The magic of believing

Published 8:27 am Wednesday, December 16, 2009

This past summer I wrote an article titled “Heroes aren’t hard to find,” asking for donations for a 60-mile walk to raise funds for breast cancer research. And, true to the article’s title, you proved yourselves to be significant heroes in the fight for a cure. Your generosity was overwhelming. Now, in addition to a heartfelt thank you, I feel an obligation to share with you the outcome of our endeavor … blisters and all.

The 3 Day Walk occurs in 15 different cities. We chose Tampa, Fla., with a heat index of more than 100 degrees. Participants are told to bring only one duffle bag packed with their clothes, sleeping bag and camping gear. We chose to fill ours with mostly cosmetics (and a little Advil.) And walking 20 miles per day for three days requires training. We chose not to.

So, off we went, my sister June, my niece Katie, her friend Wesanne and me. And by the end of the first day, when we found ourselves lying in our pink tents (two among a sea of 3,000), with the caustic smell of Ben-Gay wafting through the 95 degree heat and the muffled moans of tired souls tending their blisters, did we realize for the first time the intense commission we accepted when we signed on the dotted line and started asking for donations. We were part of something. Something big. And yes, something very pink. And sometimes something a little bit miserable. But here we were, in the middle of it all. And we chose to stay the course. (OK, so I did ask once about where to hail a taxi, but the staff members told me we were not allowed to leave the premises.)

I won’t go into too much detail about the entire event because hopefully some of you will have the chance to participate in it and can experience for yourselves how life-changing it truly is. But having said that, I will share a few of the highlights with you, along with suggestions for those of you considering participating in a 3 Day Walk in the future.

Day one: I knew we were off to a bad start when Wesanne strapped on the world’s largest and most complex fanny pack I’d ever seen despite my specific mandate “NO FANNY PACKS” (just my personal taste, and I still stick by it). By midmorning we had already determined the safe maximum dosage of Advil that could be taken by an individual in a four-hour period; then we promptly set our watch alarms ensuring we wouldn’t be a minute late for our next ration. When we reached the lunch stop, I immediately located the sports medicine tent and stood in line for a chiropractic adjustment. It was there I made a new resolve: if I do this again, I will employ my own chiropractor to accompany me so I won’t have to wait in such a long line. By late afternoon, I felt certain that my numerous hints all day that I would “probably catch a ride on one of the sweep vans” would allow for an easy escape for me and at the same time hold June and Wesanne to the task of finishing the day’s trek with Katie. I was wrong. June and Wesanne were nowhere to be found. Not fair! I’ve run my lifetime goal marathon in 2004! I’ve proven myself. I canceled my gym membership a year ago and I’m good with that. I’m accepting this age thing. Besides, isn’t beauty in the eye of the beholder? Isn’t it relative? I’m sure in some country somewhere a pot belly on a woman is an envious attribute. I look at Katie plowing forward as the sun begins to go down, with a picture of her mom pinned to the back of her shirt. I hear the engine of a van slowing down behind us. I look at my niece again, and I hear her say, “After all Mom went through, I can do this.” That’s it. If that van stops and demands that we climb aboard since we are probably the last ones on the trail, I won’t do it. I’ll start running, even if my fastest sprinting speed right now would probably not qualify me for a fun run at a convalescent home. I’ll run from that van.

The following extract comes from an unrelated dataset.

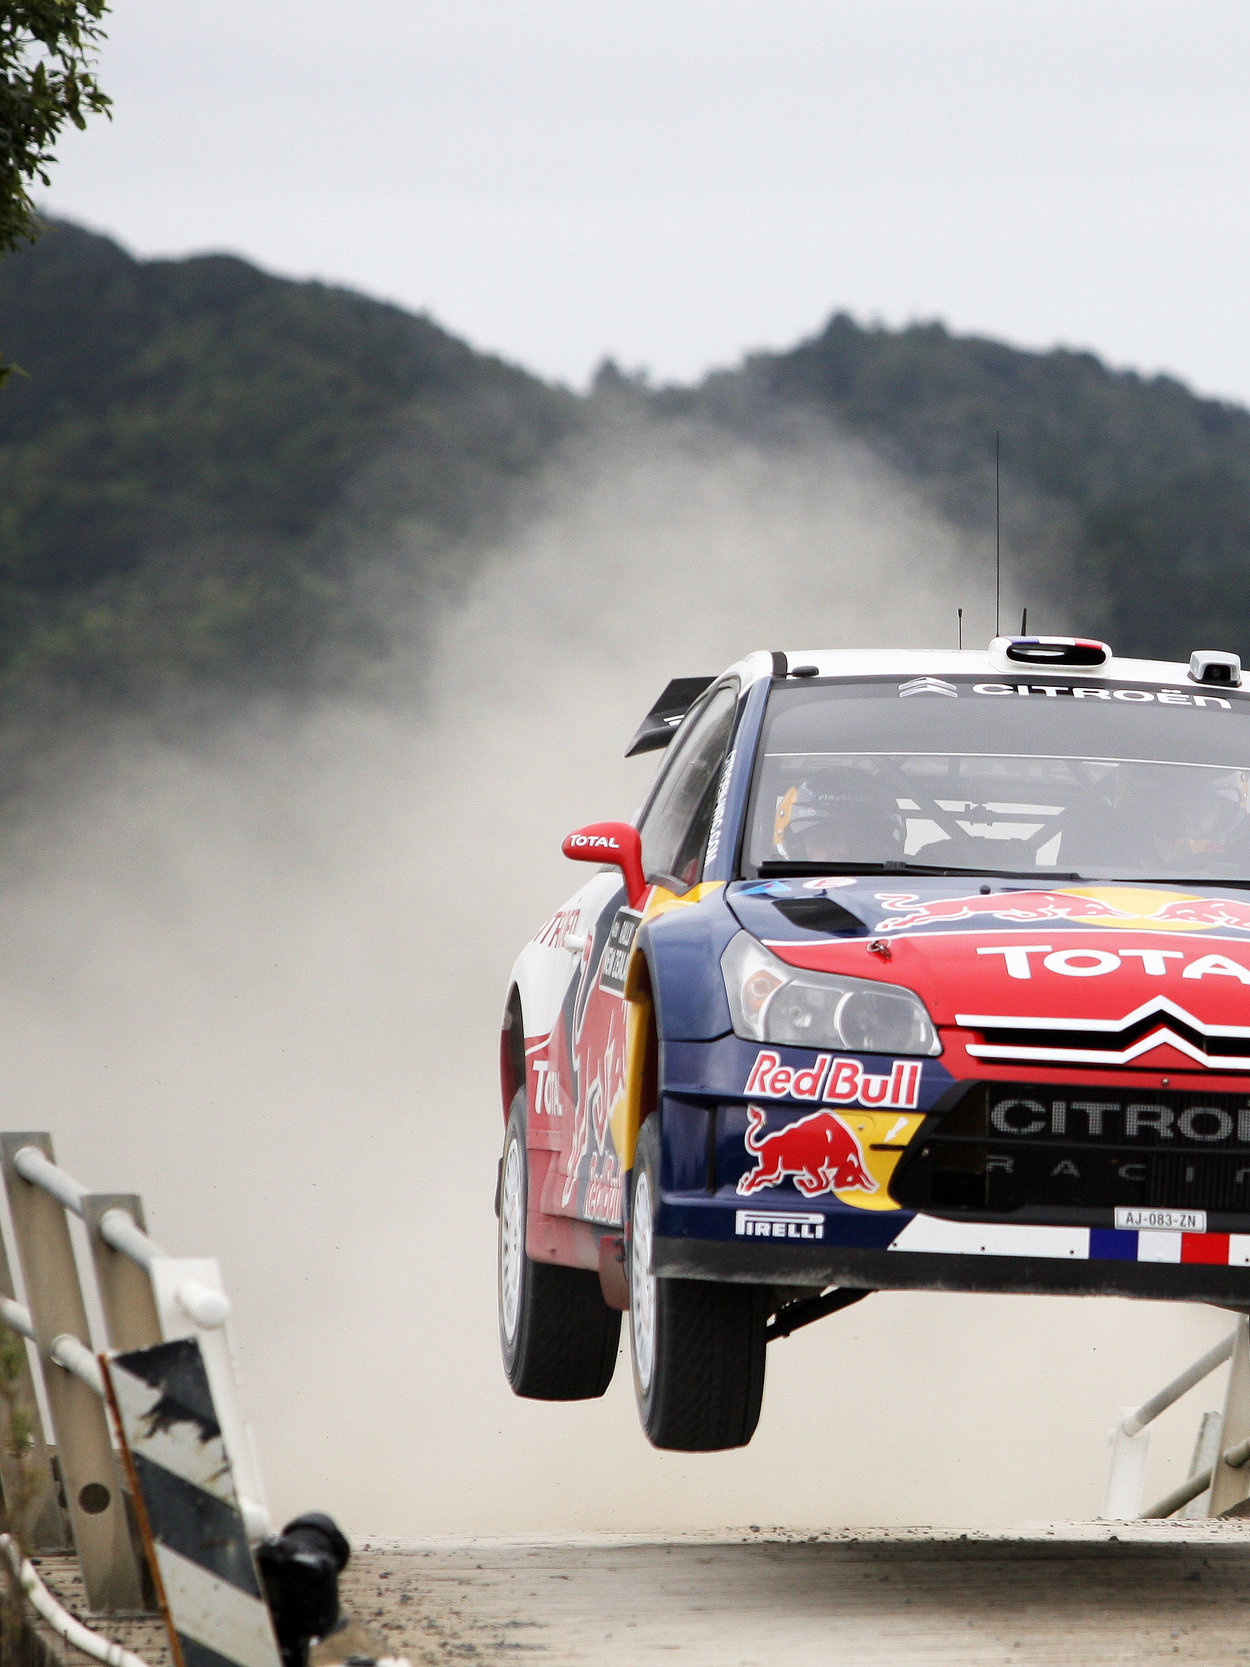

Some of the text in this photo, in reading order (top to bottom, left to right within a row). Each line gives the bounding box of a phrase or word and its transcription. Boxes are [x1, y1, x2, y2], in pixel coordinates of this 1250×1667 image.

[570, 834, 620, 848] TOTAL
[744, 1050, 922, 1108] Red Bull
[735, 1210, 825, 1239] PIRELLI
[1125, 1212, 1196, 1228] AJ-083-ZN

Katie motioned the van on as I tried to pick up my speed, defiantly reciting my new mantra “I am a marathon runner!” And eventually we finished the first day. I’ve heard this event described as “moving monument” to breast cancer heroes. And when you see 6,000 people all clad in pink walking through the streets of a city, I can see why. All day long vehicles blow their horns as they ride past, showing their support. People of all ages stand on the sidewalks and hand us candy, spritz us down with spray bottles and even water hoses. And every one of them says thank you.

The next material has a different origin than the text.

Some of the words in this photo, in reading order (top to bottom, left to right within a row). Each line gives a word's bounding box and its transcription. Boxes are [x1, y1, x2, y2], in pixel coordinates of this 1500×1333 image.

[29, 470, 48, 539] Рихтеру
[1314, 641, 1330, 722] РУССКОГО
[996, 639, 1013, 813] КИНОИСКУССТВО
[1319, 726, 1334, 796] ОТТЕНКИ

Katie has planned for our team to walk again next year, and we will need to raise $13,800. Katie believes that we will find a cure for breast cancer in her lifetime. Katie believes that we all must do our part for this to happen. So I want to say thank you to Katie. I want to thank her for believing. I want to say thank you to all of you who gave to our cause and believed in us. Because believing is important. And especially during this Christmas season, children shouldn’t be the only ones believing in magic.

It’s never too early to start donating to our mission — 3 Day Walk in Washington, D.C., in October. Just make out checks to Breast Cancer 3 Day and mail to Katie Cobb, 10131 Fortsville Rd., Capron, VA 23829. Any amount is appreciated. We love you all.